VIRTUAL Aging and Development Brown Bag: Maverick Smith (WashU Psychological and Brain Sciences) – “The influence of knowledge and comprehension on everyday event perception”

March 10, 2021
12:00 pm - 1:00 pm
Zoom conference (Virtual)

“The influence of knowledge and comprehension on everyday event perception”


Hosted by the Department of Psychological & Brain Sciences

Abstract: Despite limitations of the visual system, we tend to have a unified sense of “what is happening in the here and now”. This subjective experience arises, in part, because our minds develop and maintain a mental model of the world that is used to generate predictions for the near future. We know from prior work that we generally perceive, comprehend, and remember the aspects of an event that we attend to. However, in separate, but related, lines of research, I have demonstrated that our event models can also affect what we attend to, perceive, and later remember. In one series of experiments, my colleagues and I investigated how predictions, informed from one’s event model, for upcoming scenes facilitates scene recognition. I have found that predictions made prior to viewing a scene (e.g., expecting a scene of a hallway after viewing multiple views of an office) influences how predictable scenes are perceived (Smith & Loschky, 2020; Smith & Loschky, in prep). This project bridges related topics of research from event cognition and scene perception literatures, and it suggests that the event model reduces identification costs. In an independent series of experiments, I am working on a project investigating how older adults may be able to offset cognitive decline by relying upon the knowledge they have acquired through a lifetime of experience. Specifically, we investigated how prior knowledge can influence how older and young adults understand and preferentially attend to events within videos of everyday activities.
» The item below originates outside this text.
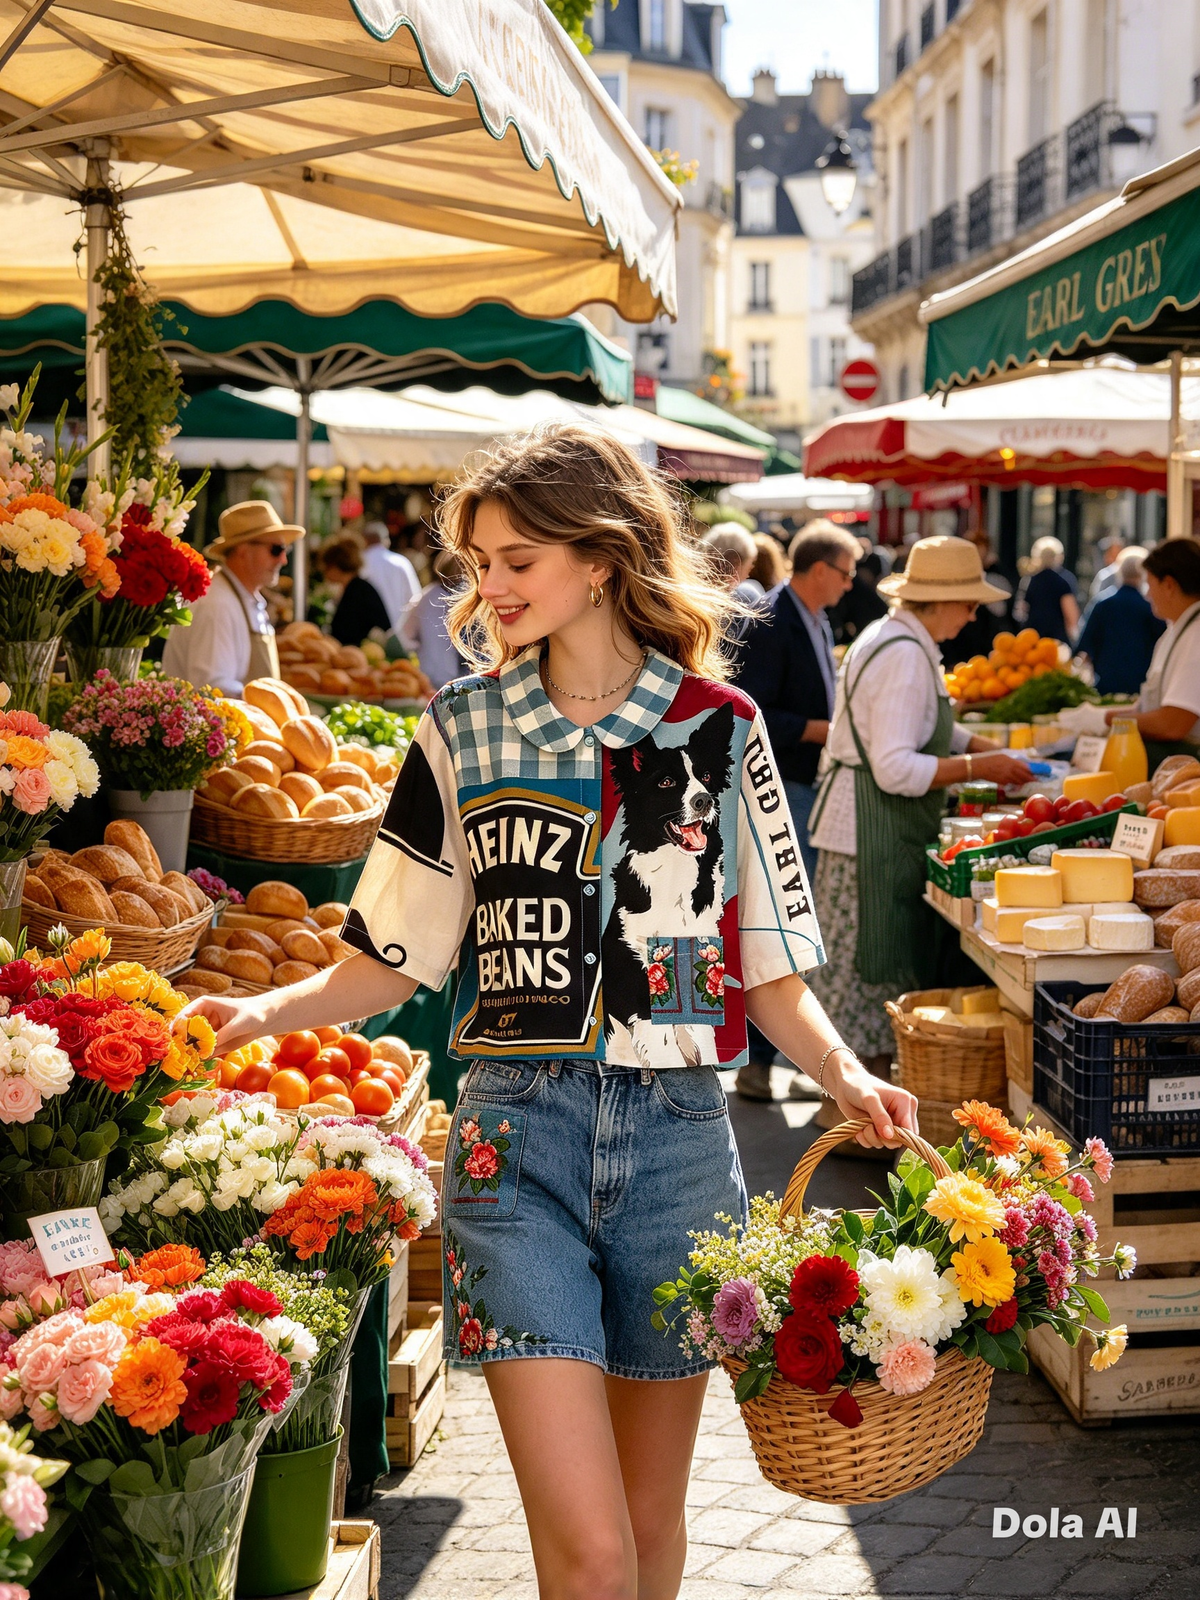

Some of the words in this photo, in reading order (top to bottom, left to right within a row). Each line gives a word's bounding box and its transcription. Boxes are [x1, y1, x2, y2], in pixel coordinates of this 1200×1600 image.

We have found evidence to suggest that prior knowledge for the actions of an activity can influence how well actions are attended to, segmented, and later remembered (Pitts, Smith, Newberry, & Bailey, submitted; Smith, Loschky, & Bailey, submitted; Smith, Newberry & Bailey, 2020). This work provides further evidence that the contents of the event model influences how everyday events are encoded. My overarching goals as a cognitive scientist are to explain 1) how we are able to identify information in our environment, connect it to previous experience, and use it to construct a mental model, and 2) how we use that mental model to generate predictions, orient attention, and facilitate perceptual identification, which gives rise to our unified sense of what is happening in the here and now.